▶ [TASK DESCRIPTION]: The entries below should be set down again exactly, with every picture left out.

★ ★ ★ ★ ★

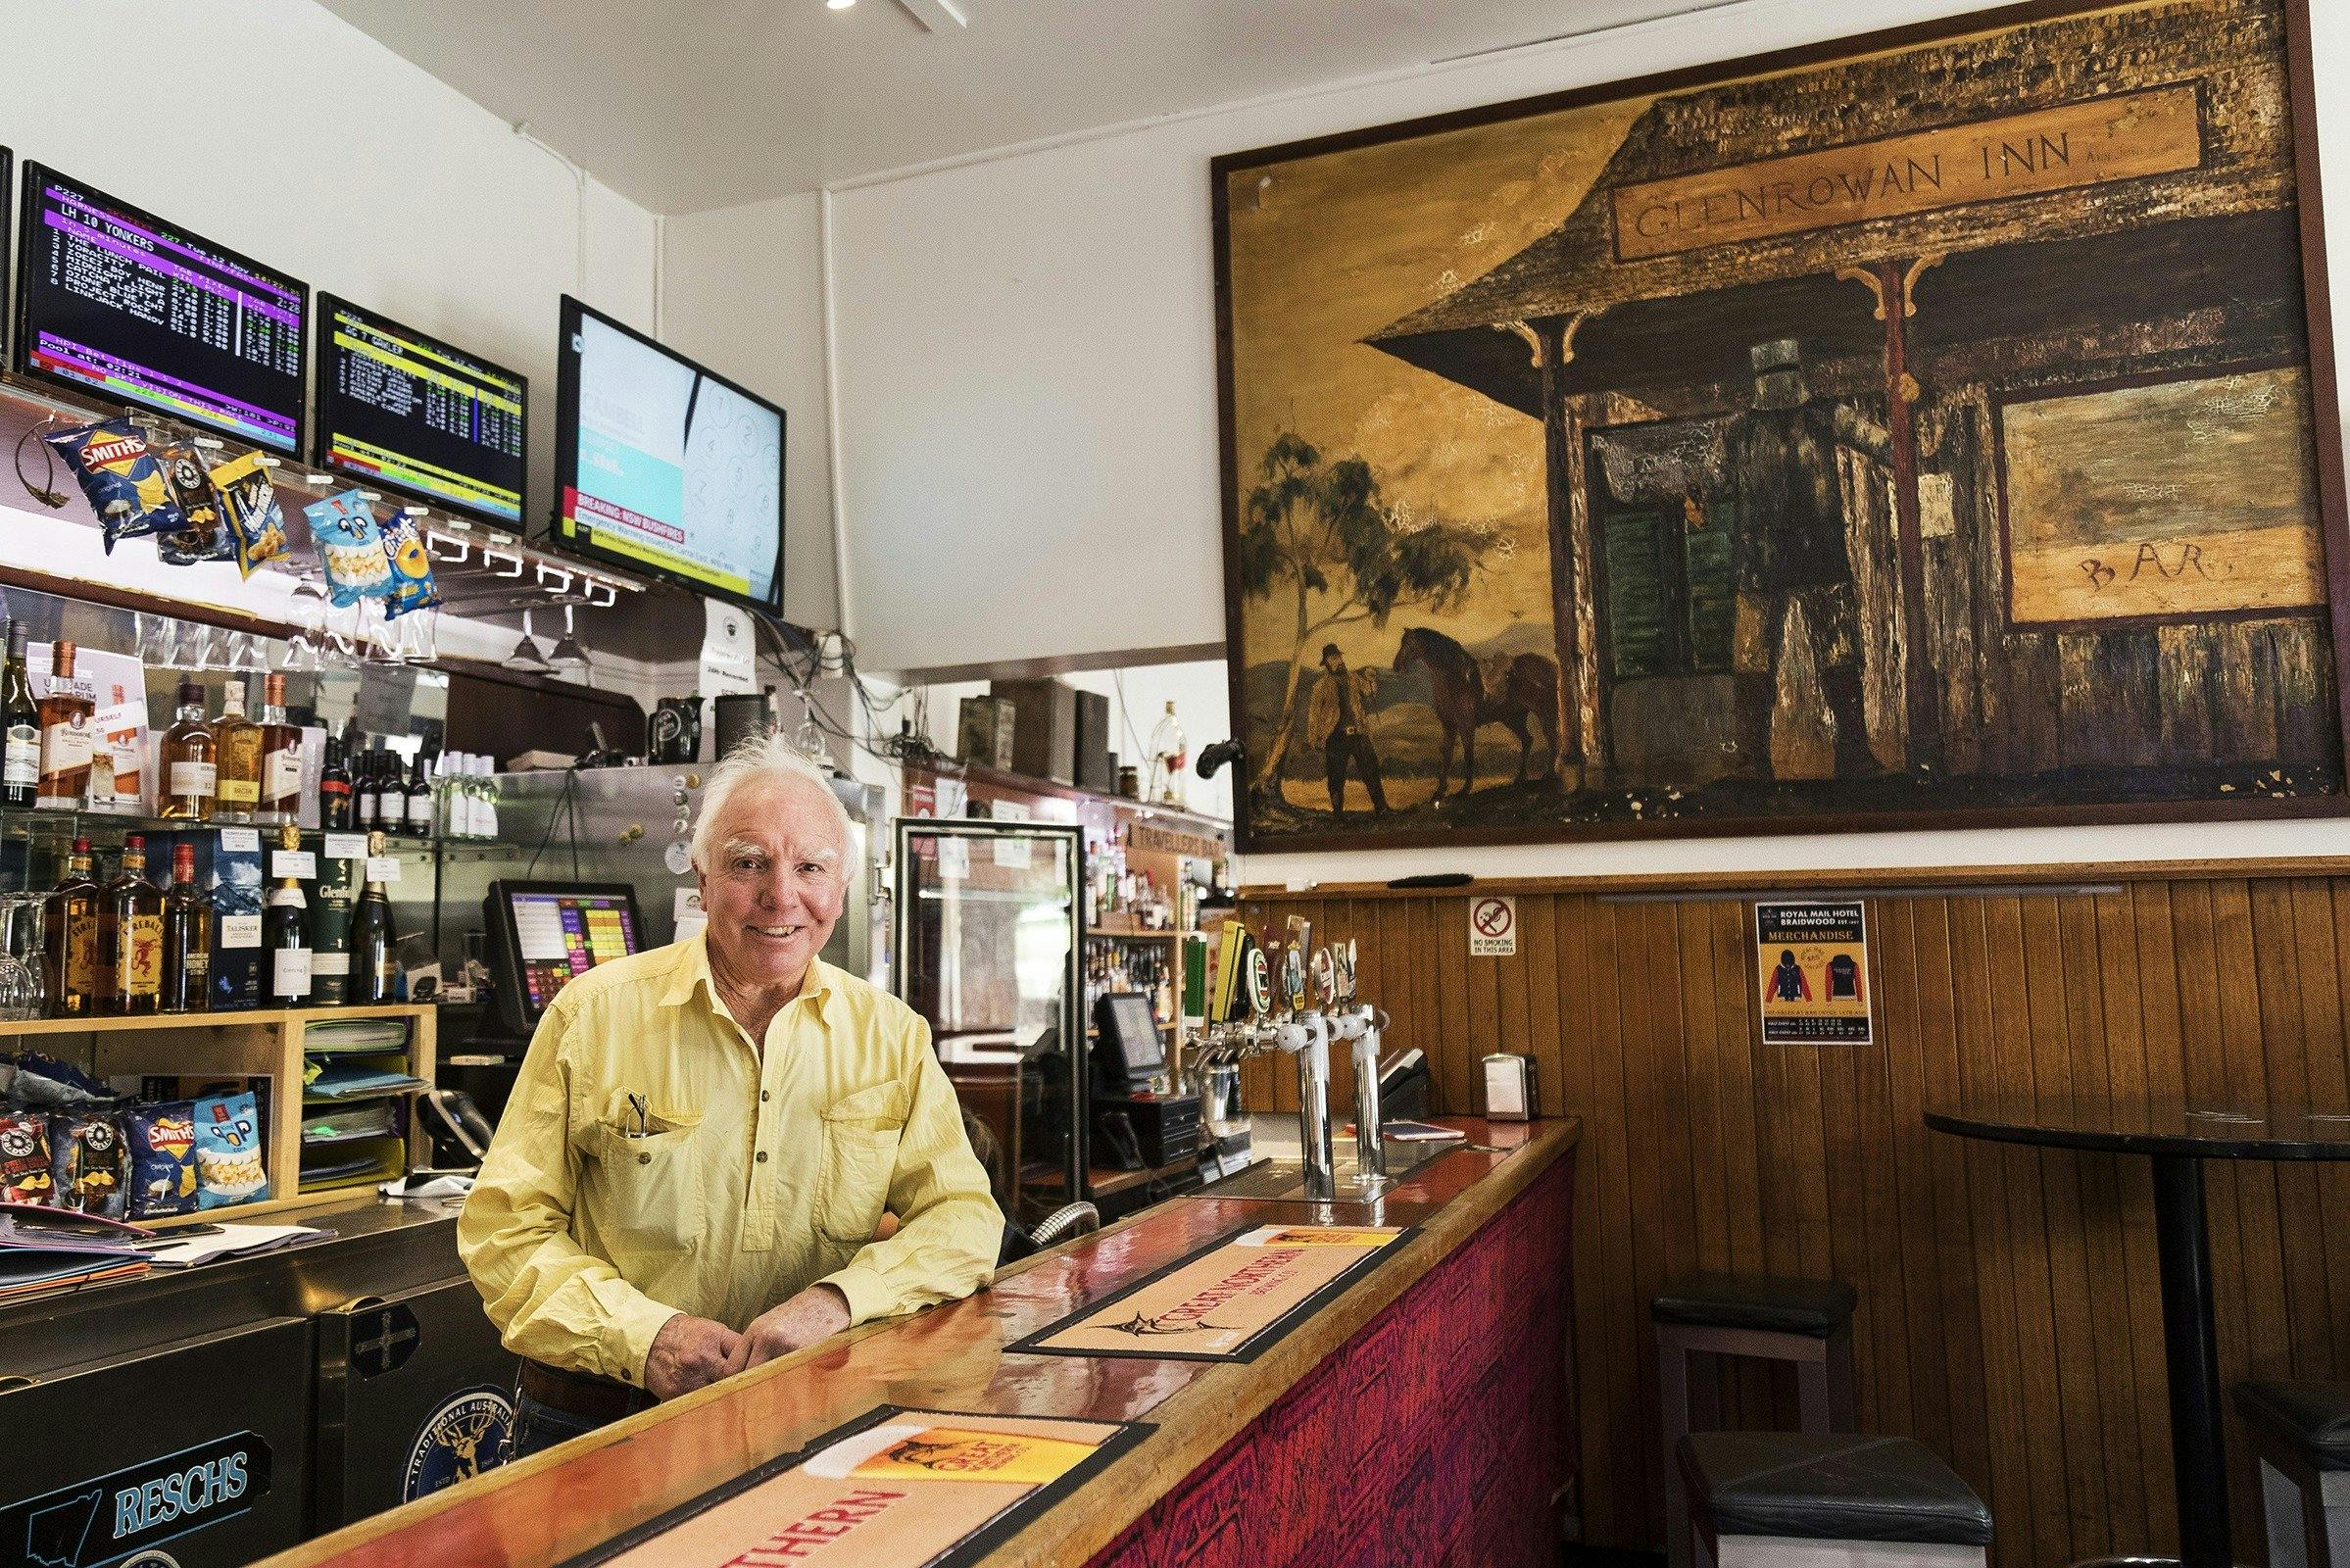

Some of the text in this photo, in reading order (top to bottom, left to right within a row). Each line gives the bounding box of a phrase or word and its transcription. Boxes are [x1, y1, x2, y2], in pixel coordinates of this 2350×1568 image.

[61, 195, 113, 222] HARNESS
[1635, 129, 2073, 242] GLENROWAN INN
[54, 184, 83, 203] P227
[161, 230, 179, 244] 227
[186, 242, 206, 256] Tue
[212, 254, 224, 265] 12
[61, 203, 76, 220] LH
[83, 212, 98, 228] 10
[104, 221, 154, 253] YONKERS
[67, 225, 97, 243] NAME
[51, 248, 59, 258] 4
[66, 255, 123, 283] MIDNIGHT
[130, 280, 165, 299] LIGHT
[52, 227, 60, 236] 1
[67, 233, 88, 248] THE
[96, 245, 131, 266] LUNCH
[138, 263, 166, 279] PAIL
[52, 234, 60, 243] 2
[67, 240, 123, 269] VORACITY
[171, 282, 198, 299] 23.0
[50, 270, 58, 278] 7
[65, 275, 116, 301] PROJECT
[122, 298, 150, 314] ROCK
[50, 276, 58, 286] 8
[65, 282, 122, 311] LINKJACK
[129, 307, 163, 326] HANOV
[51, 256, 59, 265] 5
[66, 262, 109, 284] CATCHA
[117, 281, 151, 301] LEFTY
[51, 263, 58, 271] 6
[66, 269, 101, 288] OZONE
[109, 285, 136, 302] BLUE
[144, 299, 164, 313] CHI
[171, 310, 197, 325] 14.0
[52, 241, 59, 251] 3
[67, 247, 102, 268] ZOEEZ
[110, 265, 130, 279] BOY
[137, 276, 165, 293] HENR
[171, 289, 198, 306] 4.40
[203, 303, 229, 318] 1.45
[39, 338, 70, 355] Pool
[76, 352, 97, 364] at:
[106, 362, 140, 378] 02:21
[91, 364, 107, 374] NO
[114, 371, 133, 383] SKY
[142, 381, 181, 400] VISION
[2081, 542, 2208, 591] BAR
[123, 919, 165, 936] FREBALL
[1768, 930, 1853, 941] MERCHANDISE
[1780, 910, 1809, 919] ROYAL
[1810, 909, 1832, 918] MAIL
[1781, 917, 1836, 926] BRAIDWOOD
[1151, 1249, 1310, 1321] GREAT NORTHERN
[112, 1450, 249, 1540] RESCHS

★ ★ ★ ★ ★

▶ [RESPONSE BELOW]:
Some of the text in this photo, in reading order (top to bottom, left to right within a row). Each line gives the bounding box of a phrase or word and its transcription. Boxes are [x1, y1, x2, y2], in pixel coordinates of this 2350×1568 image.

[61, 195, 113, 222] HARNESS
[1635, 129, 2073, 242] GLENROWAN INN
[54, 184, 83, 203] P227
[161, 230, 179, 244] 227
[186, 242, 206, 256] Tue
[212, 254, 224, 265] 12
[61, 203, 76, 220] LH
[83, 212, 98, 228] 10
[104, 221, 154, 253] YONKERS
[67, 225, 97, 243] NAME
[51, 248, 59, 258] 4
[66, 255, 123, 283] MIDNIGHT
[130, 280, 165, 299] LIGHT
[52, 227, 60, 236] 1
[67, 233, 88, 248] THE
[96, 245, 131, 266] LUNCH
[138, 263, 166, 279] PAIL
[52, 234, 60, 243] 2
[67, 240, 123, 269] VORACITY
[171, 282, 198, 299] 23.0
[50, 270, 58, 278] 7
[65, 275, 116, 301] PROJECT
[122, 298, 150, 314] ROCK
[50, 276, 58, 286] 8
[65, 282, 122, 311] LINKJACK
[129, 307, 163, 326] HANOV
[51, 256, 59, 265] 5
[66, 262, 109, 284] CATCHA
[117, 281, 151, 301] LEFTY
[51, 263, 58, 271] 6
[66, 269, 101, 288] OZONE
[109, 285, 136, 302] BLUE
[144, 299, 164, 313] CHI
[171, 310, 197, 325] 14.0
[52, 241, 59, 251] 3
[67, 247, 102, 268] ZOEEZ
[110, 265, 130, 279] BOY
[137, 276, 165, 293] HENR
[171, 289, 198, 306] 4.40
[203, 303, 229, 318] 1.45
[39, 338, 70, 355] Pool
[76, 352, 97, 364] at:
[106, 362, 140, 378] 02:21
[91, 364, 107, 374] NO
[114, 371, 133, 383] SKY
[142, 381, 181, 400] VISION
[2081, 542, 2208, 591] BAR
[123, 919, 165, 936] FREBALL
[1768, 930, 1853, 941] MERCHANDISE
[1780, 910, 1809, 919] ROYAL
[1810, 909, 1832, 918] MAIL
[1781, 917, 1836, 926] BRAIDWOOD
[1151, 1249, 1310, 1321] GREAT NORTHERN
[112, 1450, 249, 1540] RESCHS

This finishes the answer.